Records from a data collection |
___

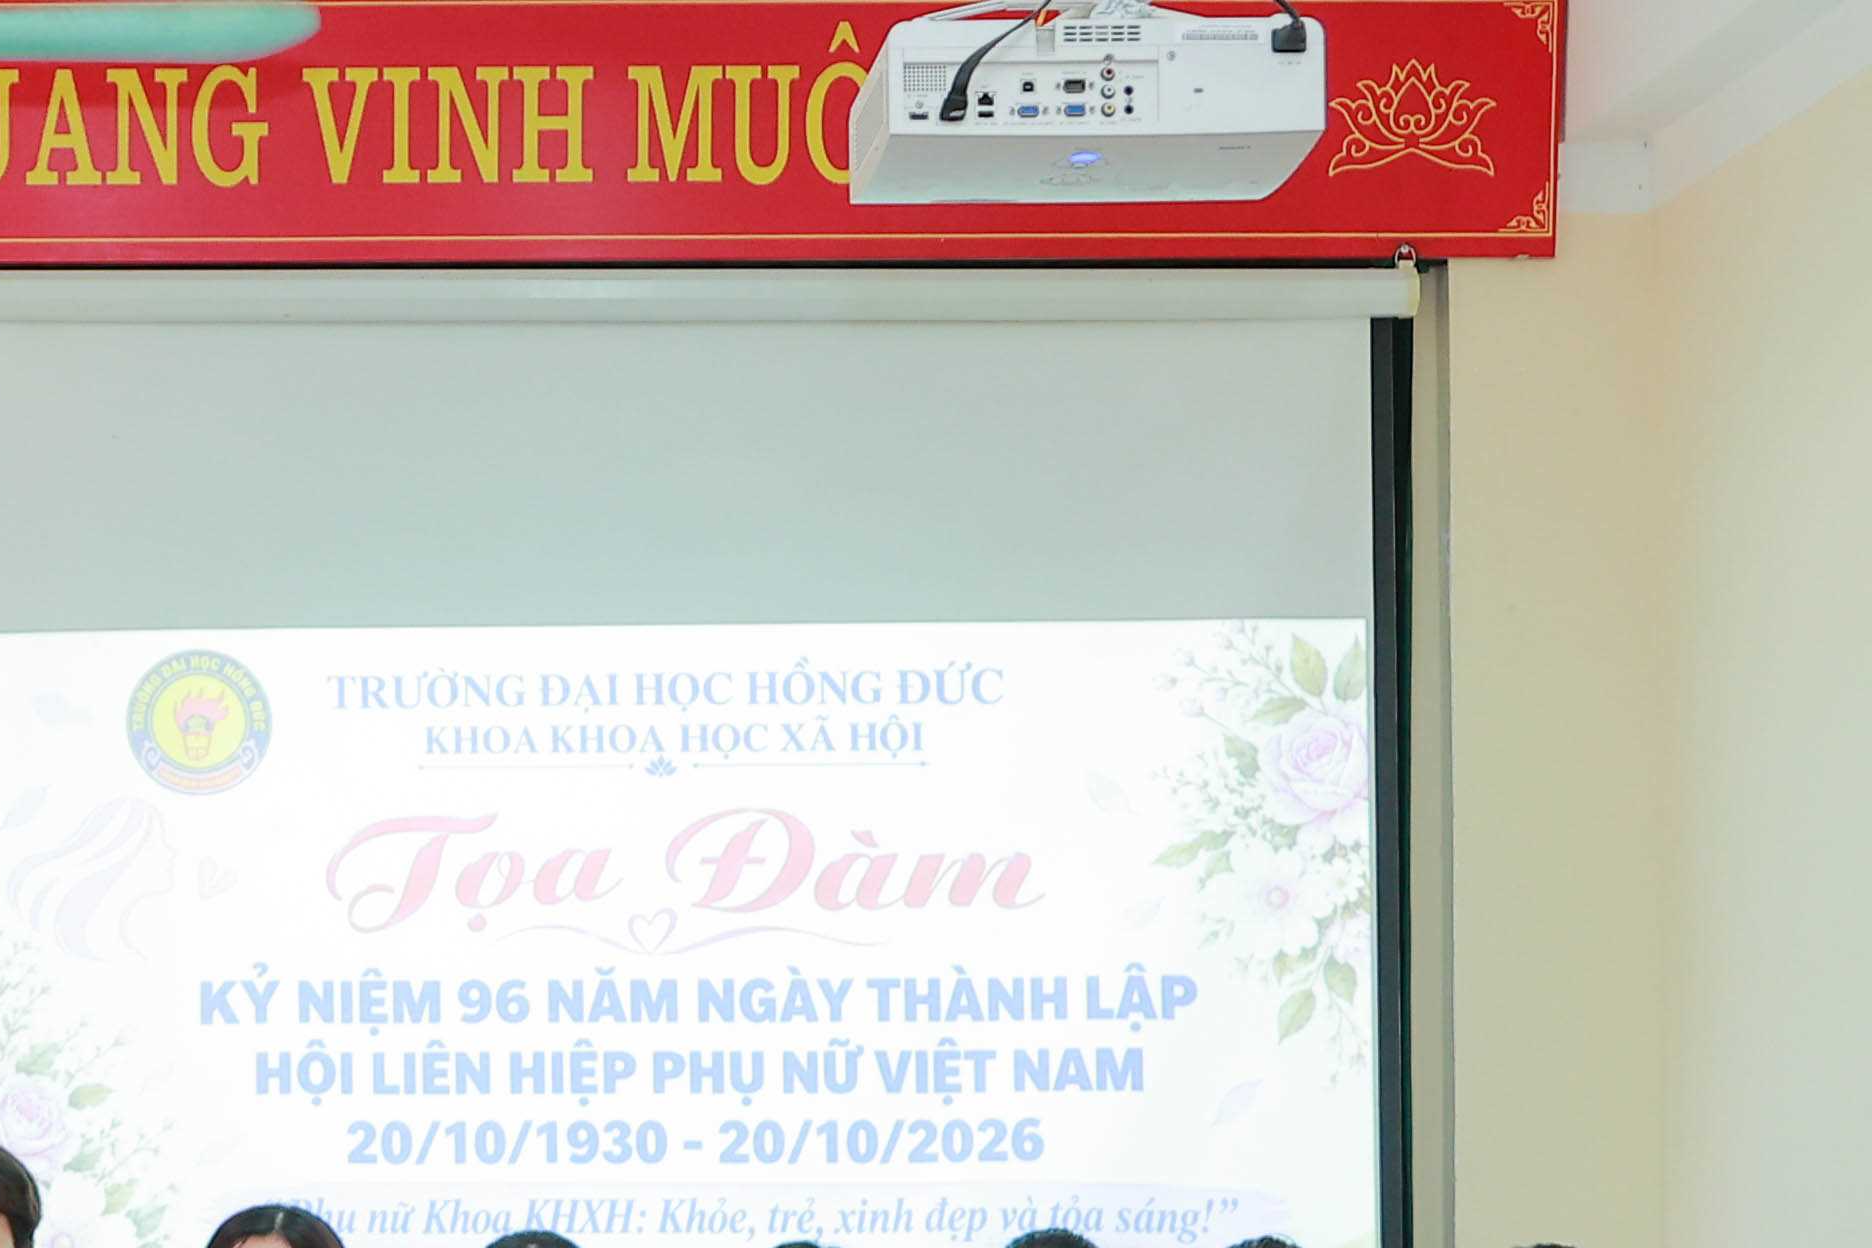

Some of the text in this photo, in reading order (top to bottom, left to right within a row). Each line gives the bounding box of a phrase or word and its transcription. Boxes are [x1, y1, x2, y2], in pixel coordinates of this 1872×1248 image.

[302, 64, 594, 184] VINH
[627, 20, 869, 186] MUÔ
[328, 656, 1005, 715] TRƯỜNG ĐẠI HỌC HỒNG ĐỨC
[425, 714, 925, 760] KHOA KHOA HỌC XÃ HỘI
[326, 807, 1046, 934] Tọa Đàm
[199, 961, 1200, 1037] KỶ NIỆM 96 NĂM NGÀY THÀNH LẬP
[256, 1037, 1146, 1107] HỘI LIÊN HIỆP PHỤ NỮ VIỆT NAM
[346, 1117, 1046, 1166] 20/10/1930 - 20/10/2026
[366, 1202, 416, 1234] nữ
[421, 1197, 513, 1235] Khoa
[523, 1197, 647, 1235] KHXH:
[658, 1197, 756, 1242] Khỏe,
[766, 1197, 824, 1241] trẻ,
[832, 1197, 913, 1235] xinh
[924, 1196, 988, 1242] đẹp
[999, 1195, 1037, 1234] và
[1048, 1194, 1104, 1233] tỏa

___

WORK TASK | Word for word, reproduce all the data, but not the pictures.

RESULT |
Some of the text in this photo, in reading order (top to bottom, left to right within a row). Each line gives the bounding box of a phrase or word and its transcription. Boxes are [x1, y1, x2, y2], in pixel coordinates of this 1872×1248 image.

[302, 64, 594, 184] VINH
[627, 20, 869, 186] MUÔ
[328, 656, 1005, 715] TRƯỜNG ĐẠI HỌC HỒNG ĐỨC
[425, 714, 925, 760] KHOA KHOA HỌC XÃ HỘI
[326, 807, 1046, 934] Tọa Đàm
[199, 961, 1200, 1037] KỶ NIỆM 96 NĂM NGÀY THÀNH LẬP
[256, 1037, 1146, 1107] HỘI LIÊN HIỆP PHỤ NỮ VIỆT NAM
[346, 1117, 1046, 1166] 20/10/1930 - 20/10/2026
[366, 1202, 416, 1234] nữ
[421, 1197, 513, 1235] Khoa
[523, 1197, 647, 1235] KHXH:
[658, 1197, 756, 1242] Khỏe,
[766, 1197, 824, 1241] trẻ,
[832, 1197, 913, 1235] xinh
[924, 1196, 988, 1242] đẹp
[999, 1195, 1037, 1234] và
[1048, 1194, 1104, 1233] tỏa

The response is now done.